Instructions for the task –
Please retype the data in full and exactly; the pictures are not part of the copy.
═════ Supplied entries
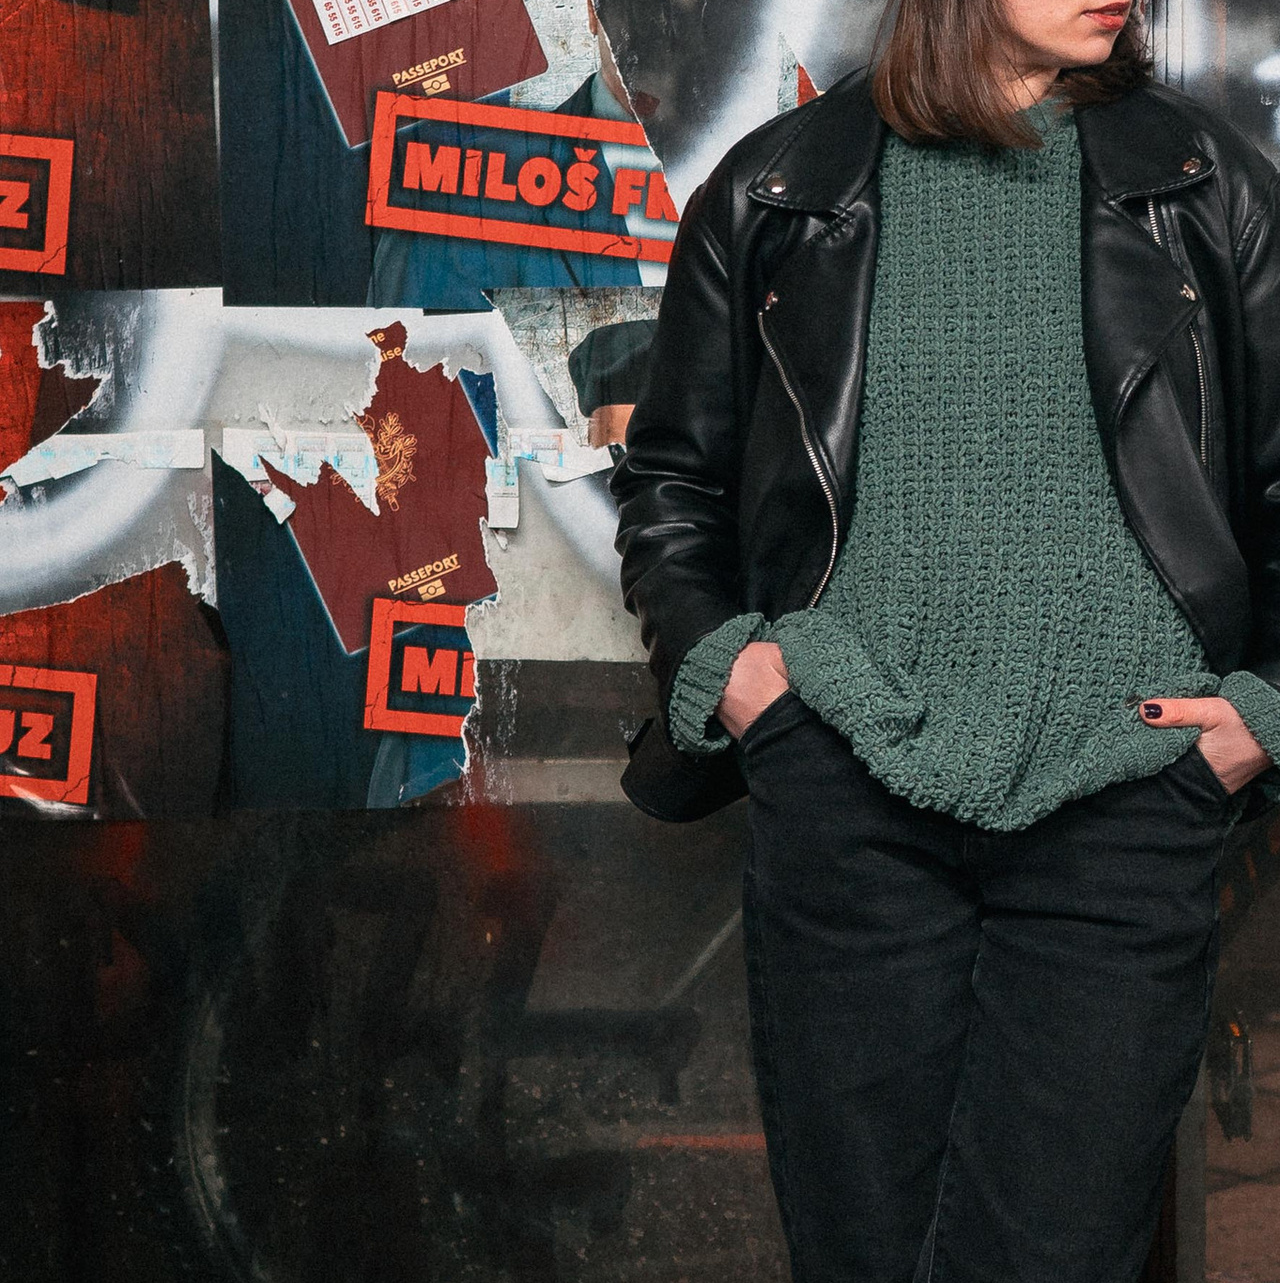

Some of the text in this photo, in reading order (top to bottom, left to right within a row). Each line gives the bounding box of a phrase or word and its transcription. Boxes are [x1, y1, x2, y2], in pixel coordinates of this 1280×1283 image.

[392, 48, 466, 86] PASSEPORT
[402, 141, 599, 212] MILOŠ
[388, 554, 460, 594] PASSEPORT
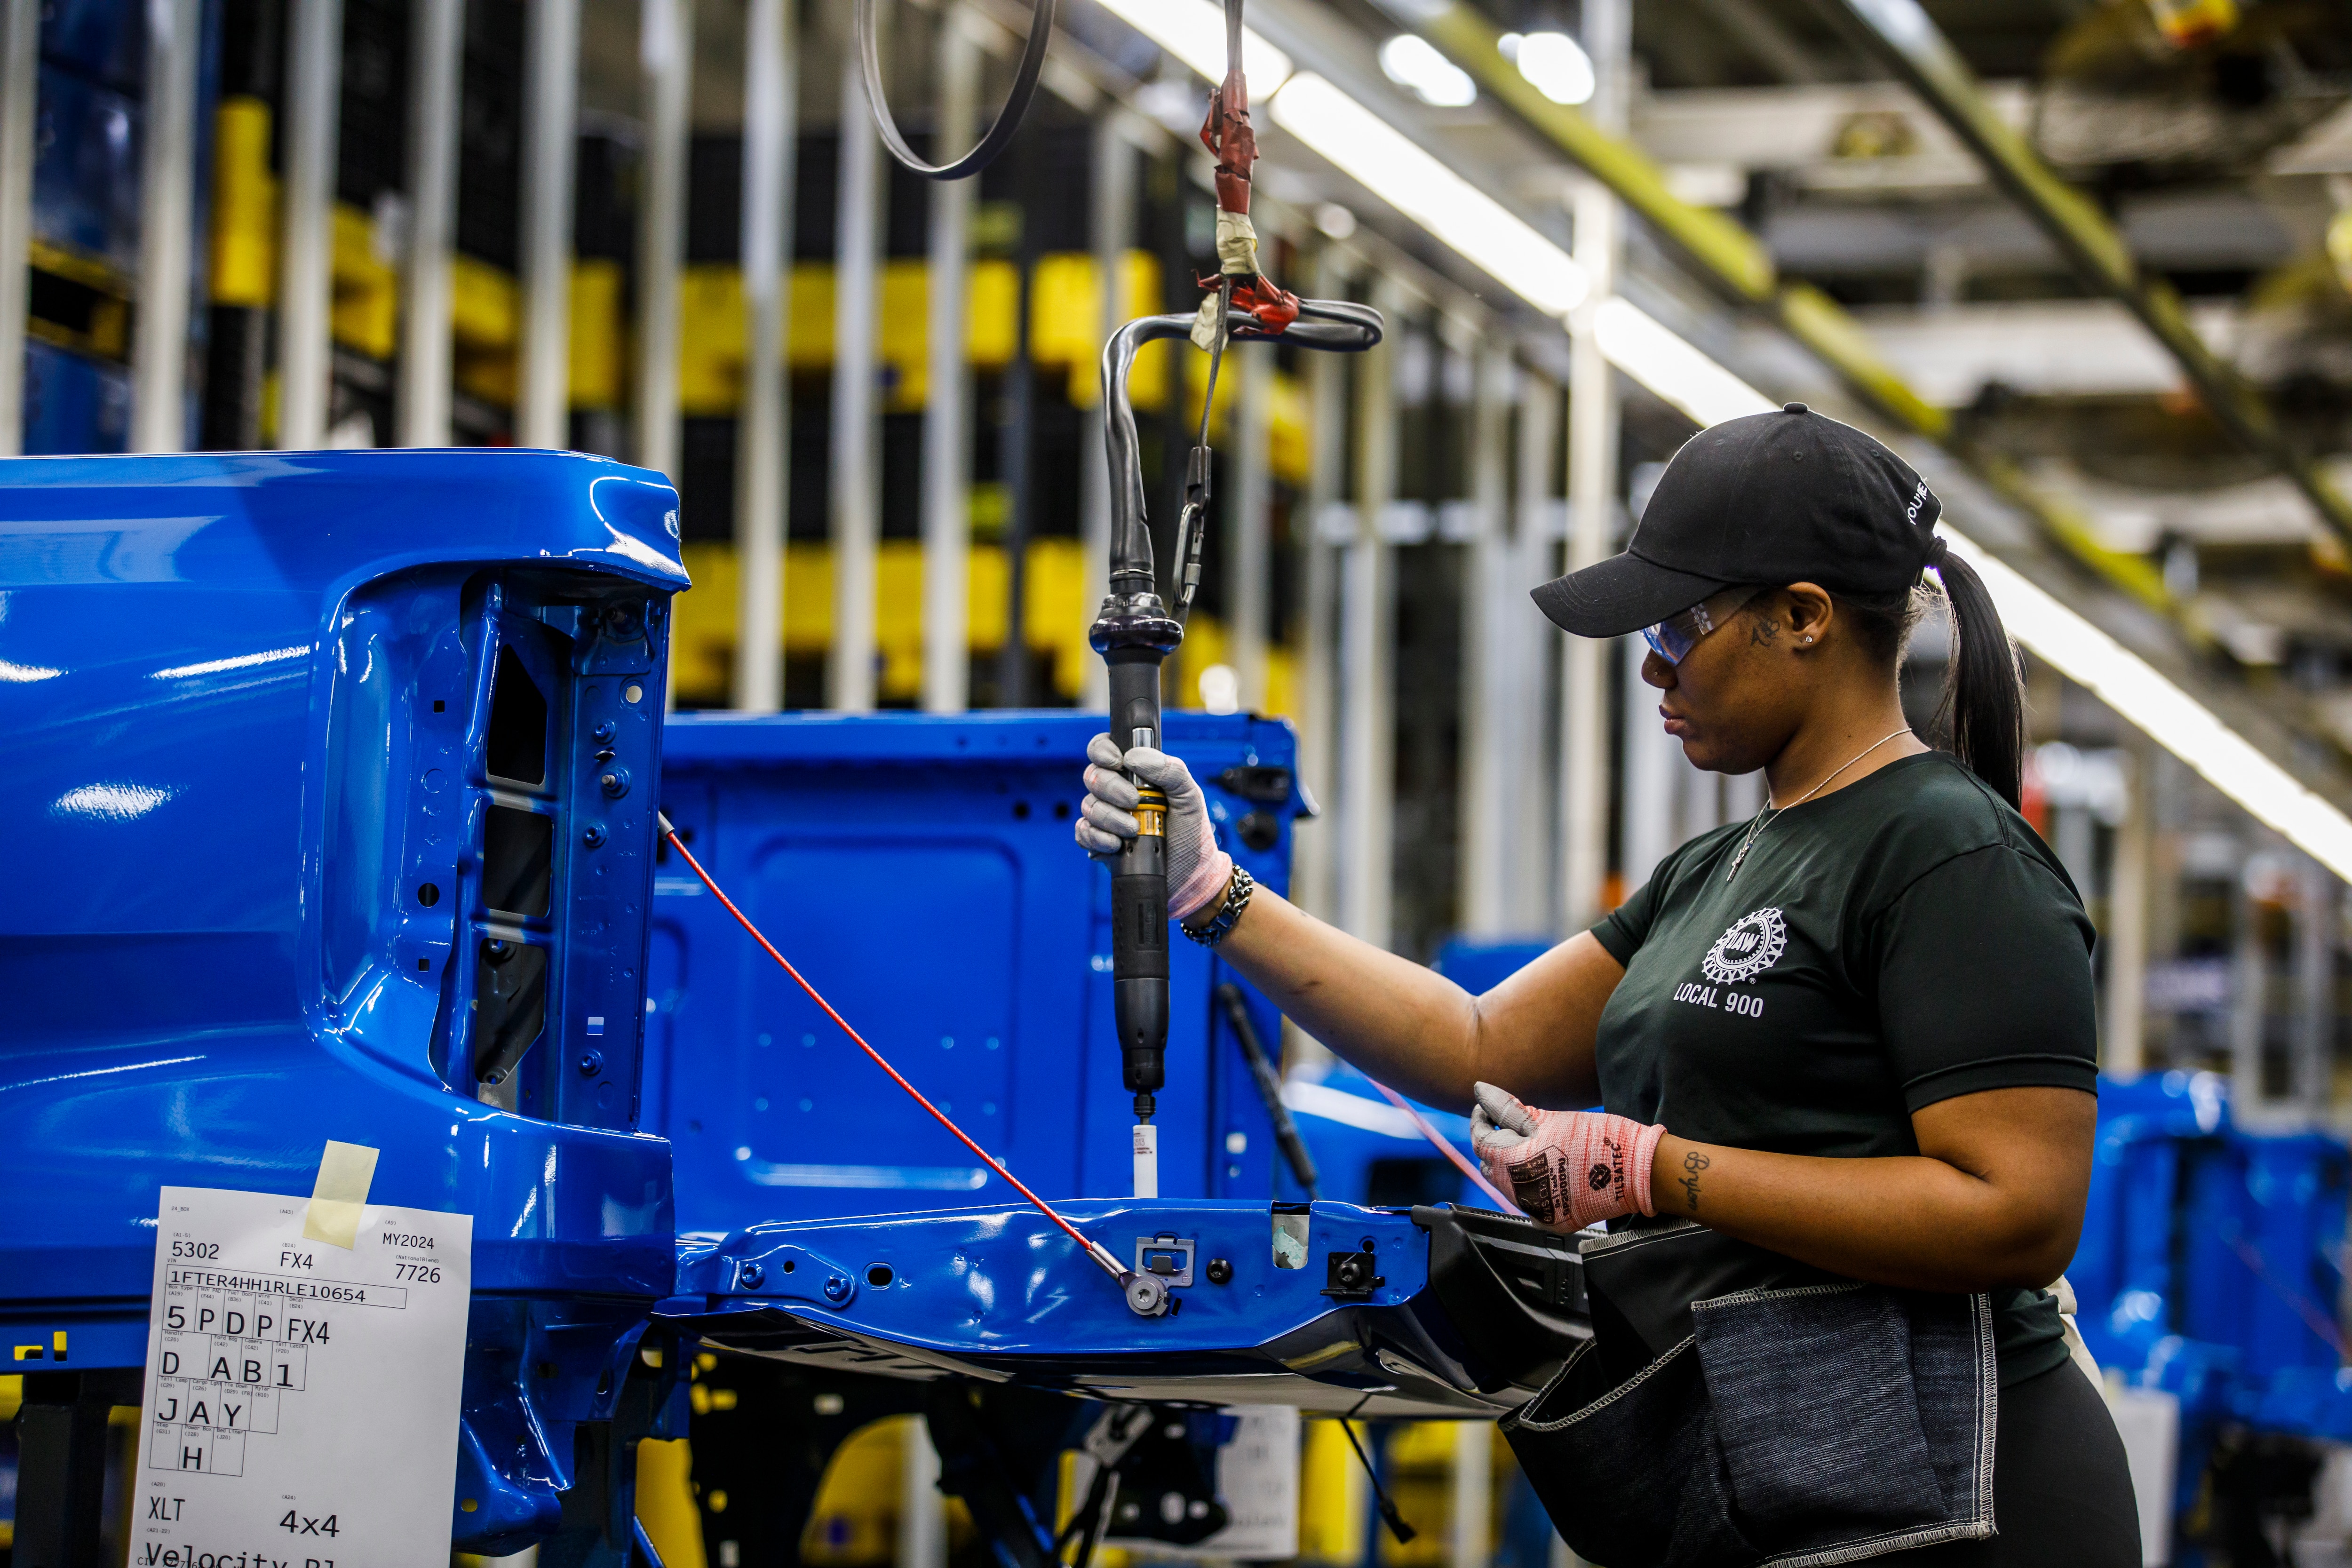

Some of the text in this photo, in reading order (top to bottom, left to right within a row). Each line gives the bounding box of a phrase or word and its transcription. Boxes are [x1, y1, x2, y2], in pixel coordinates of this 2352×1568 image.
══════════
Task solution –
Some of the text in this photo, in reading order (top to bottom, left to right within a row). Each line gives the bounding box of a phrase or word and its transcription. Boxes are [x1, y1, x2, y2], in pixel coordinates of this 1280×1283 image.

[392, 48, 466, 86] PASSEPORT
[402, 141, 599, 212] MILOŠ
[388, 554, 460, 594] PASSEPORT

Some of the text in this photo, in reading order (top to bottom, left to right within a row). Each line gives the bounding box of a phrase or word and its transcription. Boxes are [x1, y1, x2, y2], in pixel coordinates of this 2352×1568 image.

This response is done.